_EXERCISE PROMPT_. Only the pictures are to be left out, and the rest of the entries should be reproduced exactly.

_EXTRACTED RECORDS_.
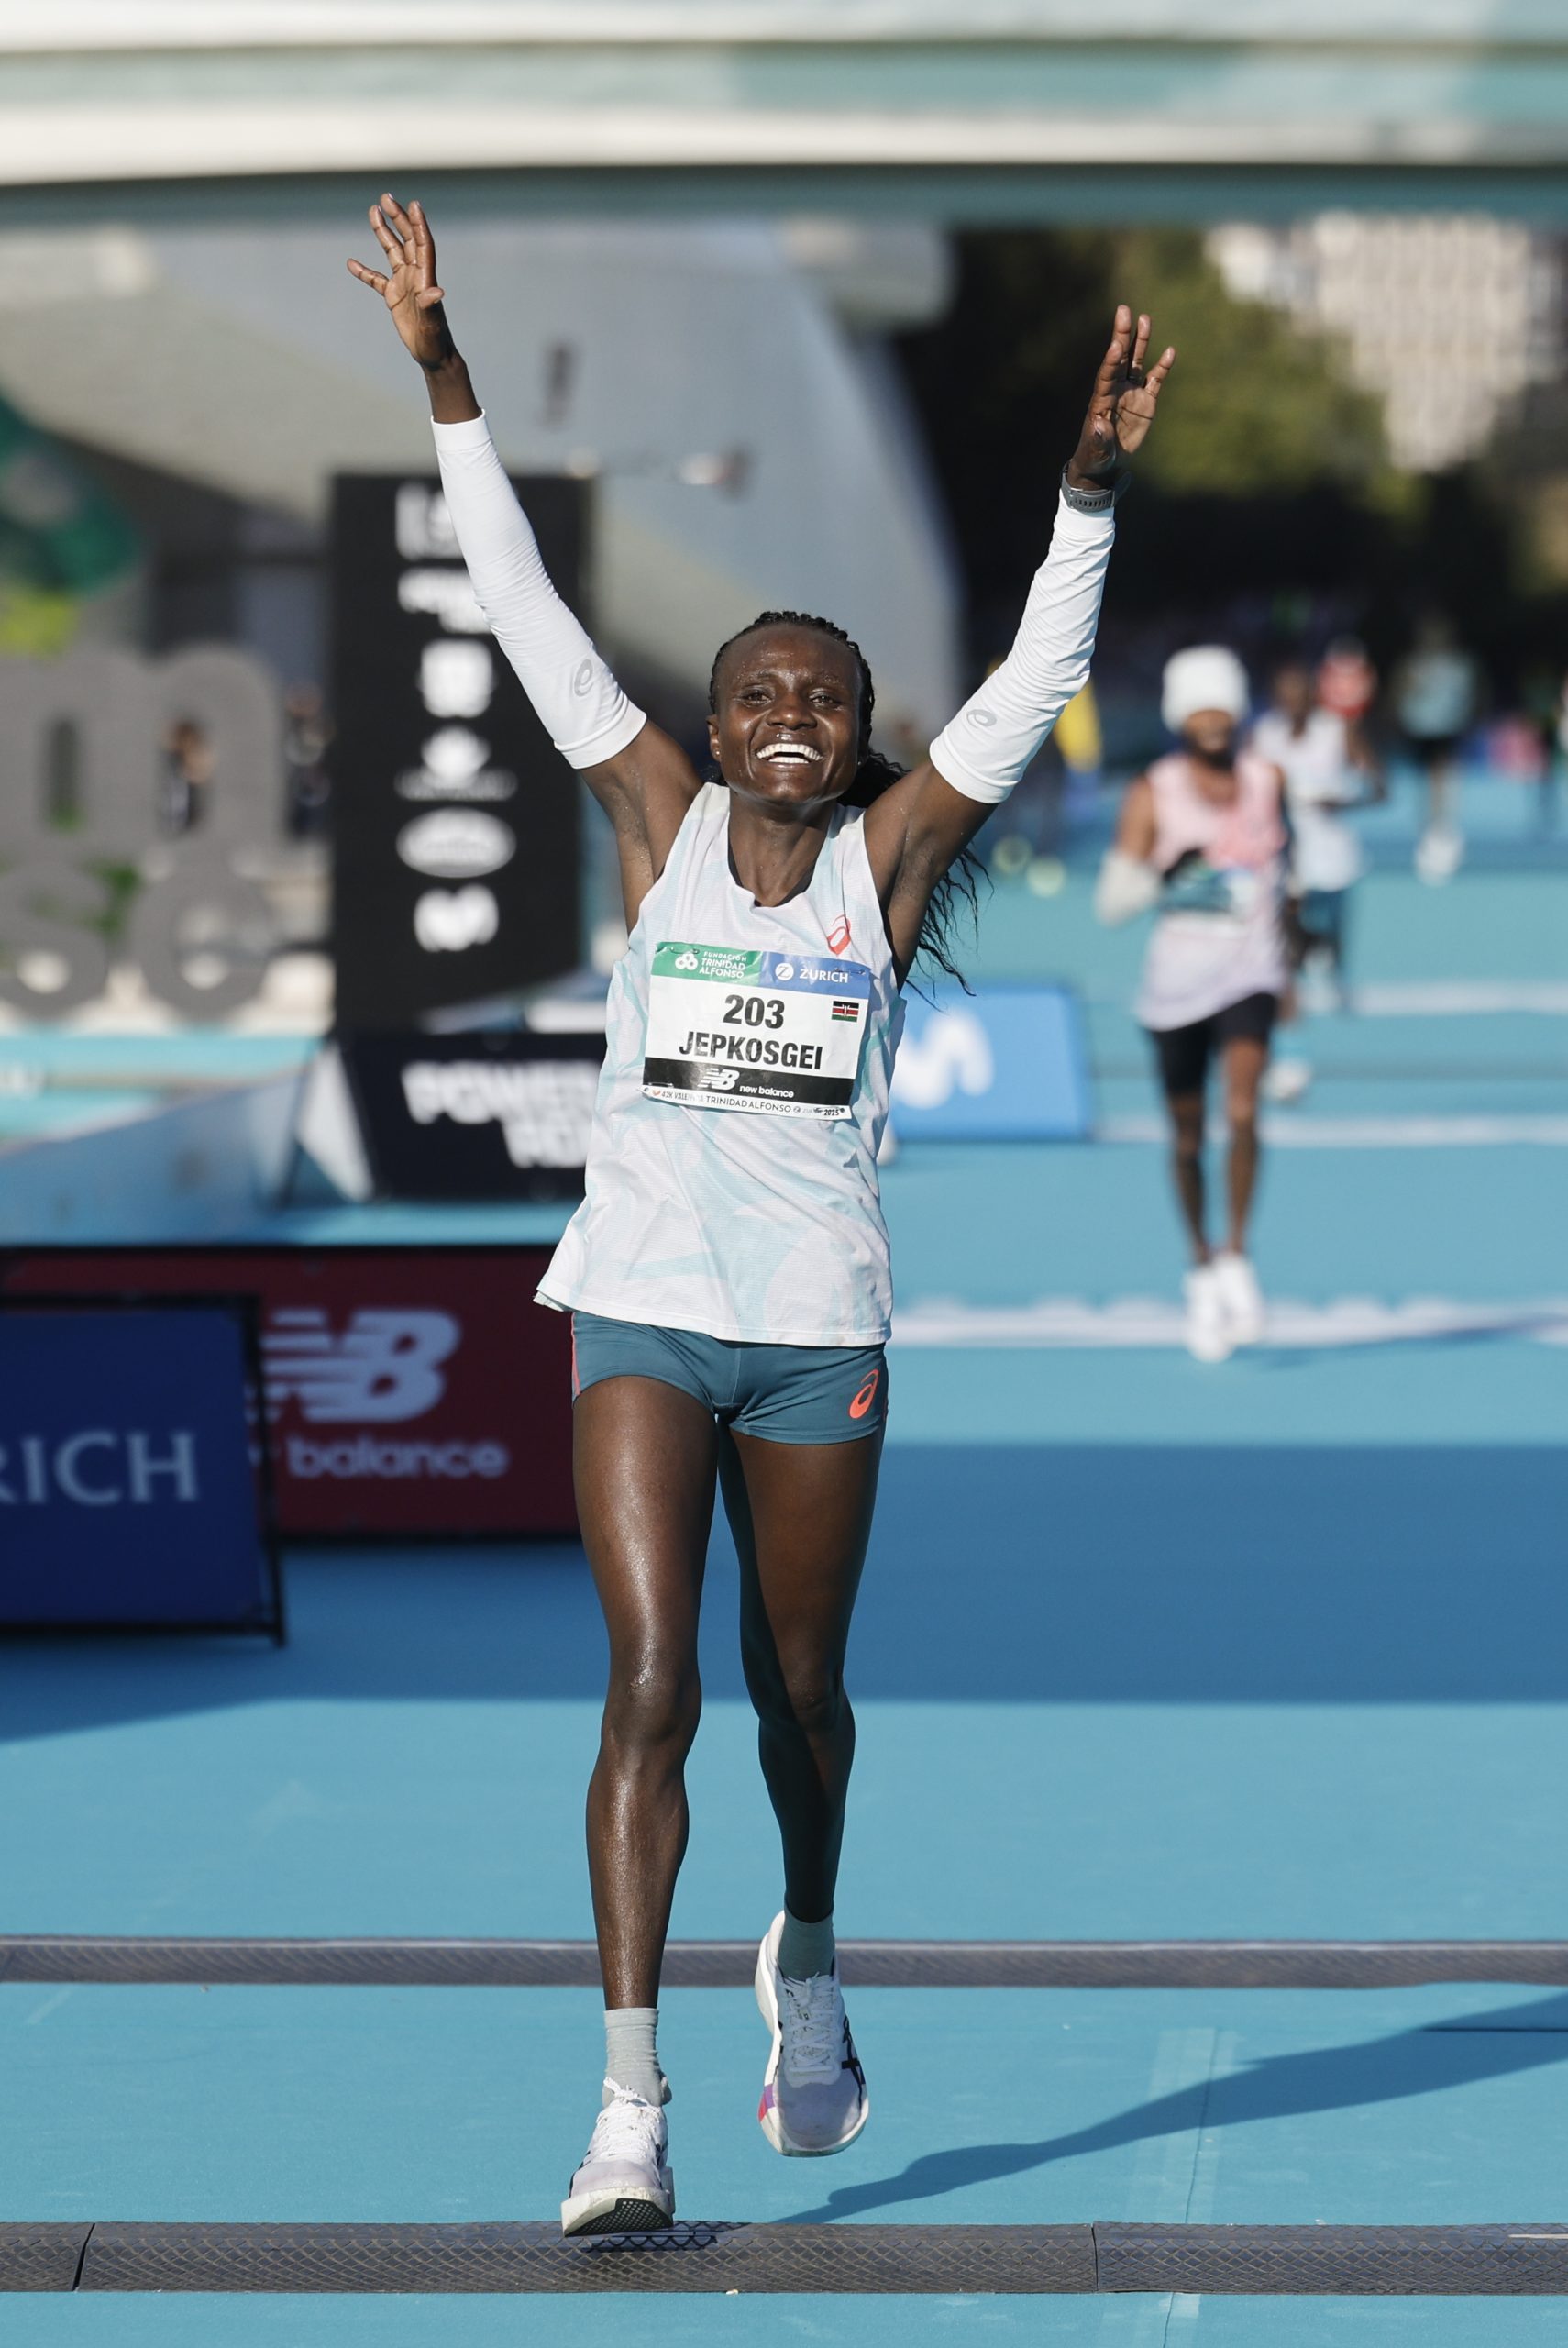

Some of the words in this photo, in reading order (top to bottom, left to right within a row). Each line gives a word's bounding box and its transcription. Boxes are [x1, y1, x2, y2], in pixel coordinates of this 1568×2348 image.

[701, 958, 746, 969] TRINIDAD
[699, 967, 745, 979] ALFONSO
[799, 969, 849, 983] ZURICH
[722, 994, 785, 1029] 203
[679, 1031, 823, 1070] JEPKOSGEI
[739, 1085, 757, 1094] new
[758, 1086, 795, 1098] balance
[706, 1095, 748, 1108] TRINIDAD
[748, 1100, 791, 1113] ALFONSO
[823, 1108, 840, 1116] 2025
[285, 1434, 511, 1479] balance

_FINISHED EXERCISE_.
Some of the words in this photo, in reading order (top to bottom, left to right within a row). Each line gives a word's bounding box and its transcription. Boxes are [x1, y1, x2, y2], in pixel coordinates of this 1568×2348 image.

[701, 958, 746, 969] TRINIDAD
[699, 967, 745, 979] ALFONSO
[799, 969, 849, 983] ZURICH
[722, 994, 785, 1029] 203
[679, 1031, 823, 1070] JEPKOSGEI
[739, 1085, 757, 1094] new
[758, 1086, 795, 1098] balance
[706, 1095, 748, 1108] TRINIDAD
[748, 1100, 791, 1113] ALFONSO
[823, 1108, 840, 1116] 2025
[285, 1434, 511, 1479] balance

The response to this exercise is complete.